## Supplied data
------------------------------------
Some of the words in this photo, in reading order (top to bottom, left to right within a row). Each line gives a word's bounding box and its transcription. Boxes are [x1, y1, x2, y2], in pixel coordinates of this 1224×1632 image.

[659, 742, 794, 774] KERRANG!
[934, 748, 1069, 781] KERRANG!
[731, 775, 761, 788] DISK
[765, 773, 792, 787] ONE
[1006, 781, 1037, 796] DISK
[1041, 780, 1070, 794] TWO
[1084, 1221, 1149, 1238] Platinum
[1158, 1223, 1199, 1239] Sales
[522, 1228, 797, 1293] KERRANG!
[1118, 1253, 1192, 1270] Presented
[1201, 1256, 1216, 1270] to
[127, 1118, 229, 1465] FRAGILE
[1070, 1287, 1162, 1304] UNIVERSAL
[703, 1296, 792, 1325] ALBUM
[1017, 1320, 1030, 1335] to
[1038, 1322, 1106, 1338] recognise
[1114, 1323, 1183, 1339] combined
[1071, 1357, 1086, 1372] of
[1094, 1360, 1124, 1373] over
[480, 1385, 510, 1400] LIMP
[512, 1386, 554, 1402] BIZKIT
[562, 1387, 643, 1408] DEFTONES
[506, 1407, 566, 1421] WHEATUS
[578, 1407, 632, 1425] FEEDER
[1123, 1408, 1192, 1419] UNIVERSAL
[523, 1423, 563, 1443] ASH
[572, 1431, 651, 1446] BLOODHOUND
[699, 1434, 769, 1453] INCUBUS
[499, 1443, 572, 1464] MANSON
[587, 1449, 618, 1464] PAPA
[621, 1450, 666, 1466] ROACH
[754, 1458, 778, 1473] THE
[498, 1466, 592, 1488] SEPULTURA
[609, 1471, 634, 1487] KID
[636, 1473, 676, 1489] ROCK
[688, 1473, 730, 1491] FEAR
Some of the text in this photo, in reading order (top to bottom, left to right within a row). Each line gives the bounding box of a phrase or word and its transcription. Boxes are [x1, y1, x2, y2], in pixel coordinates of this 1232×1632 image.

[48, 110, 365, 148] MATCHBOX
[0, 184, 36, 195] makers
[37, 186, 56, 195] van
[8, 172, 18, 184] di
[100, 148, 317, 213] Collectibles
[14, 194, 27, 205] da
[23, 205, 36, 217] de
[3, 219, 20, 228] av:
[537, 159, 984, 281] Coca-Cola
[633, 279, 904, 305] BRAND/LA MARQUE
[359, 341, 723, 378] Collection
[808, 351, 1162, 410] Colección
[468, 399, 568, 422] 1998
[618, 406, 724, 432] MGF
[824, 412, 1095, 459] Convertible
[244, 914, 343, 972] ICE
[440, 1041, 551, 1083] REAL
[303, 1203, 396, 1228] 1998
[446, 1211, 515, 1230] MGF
------------------------------------
## Problem details
The full set of entries, copied exactly, is the expected answer.

## Output of the exercise
Some of the words in this photo, in reading order (top to bottom, left to right within a row). Each line gives a word's bounding box and its transcription. Boxes are [x1, y1, x2, y2], in pixel coordinates of this 1224×1632 image.

[659, 742, 794, 774] KERRANG!
[934, 748, 1069, 781] KERRANG!
[731, 775, 761, 788] DISK
[765, 773, 792, 787] ONE
[1006, 781, 1037, 796] DISK
[1041, 780, 1070, 794] TWO
[1084, 1221, 1149, 1238] Platinum
[1158, 1223, 1199, 1239] Sales
[522, 1228, 797, 1293] KERRANG!
[1118, 1253, 1192, 1270] Presented
[1201, 1256, 1216, 1270] to
[127, 1118, 229, 1465] FRAGILE
[1070, 1287, 1162, 1304] UNIVERSAL
[703, 1296, 792, 1325] ALBUM
[1017, 1320, 1030, 1335] to
[1038, 1322, 1106, 1338] recognise
[1114, 1323, 1183, 1339] combined
[1071, 1357, 1086, 1372] of
[1094, 1360, 1124, 1373] over
[480, 1385, 510, 1400] LIMP
[512, 1386, 554, 1402] BIZKIT
[562, 1387, 643, 1408] DEFTONES
[506, 1407, 566, 1421] WHEATUS
[578, 1407, 632, 1425] FEEDER
[1123, 1408, 1192, 1419] UNIVERSAL
[523, 1423, 563, 1443] ASH
[572, 1431, 651, 1446] BLOODHOUND
[699, 1434, 769, 1453] INCUBUS
[499, 1443, 572, 1464] MANSON
[587, 1449, 618, 1464] PAPA
[621, 1450, 666, 1466] ROACH
[754, 1458, 778, 1473] THE
[498, 1466, 592, 1488] SEPULTURA
[609, 1471, 634, 1487] KID
[636, 1473, 676, 1489] ROCK
[688, 1473, 730, 1491] FEAR
Some of the text in this photo, in reading order (top to bottom, left to right within a row). Each line gives the bounding box of a phrase or word and its transcription. Boxes are [x1, y1, x2, y2], in pixel coordinates of this 1232×1632 image.

[48, 110, 365, 148] MATCHBOX
[0, 184, 36, 195] makers
[37, 186, 56, 195] van
[8, 172, 18, 184] di
[100, 148, 317, 213] Collectibles
[14, 194, 27, 205] da
[23, 205, 36, 217] de
[3, 219, 20, 228] av:
[537, 159, 984, 281] Coca-Cola
[633, 279, 904, 305] BRAND/LA MARQUE
[359, 341, 723, 378] Collection
[808, 351, 1162, 410] Colección
[468, 399, 568, 422] 1998
[618, 406, 724, 432] MGF
[824, 412, 1095, 459] Convertible
[244, 914, 343, 972] ICE
[440, 1041, 551, 1083] REAL
[303, 1203, 396, 1228] 1998
[446, 1211, 515, 1230] MGF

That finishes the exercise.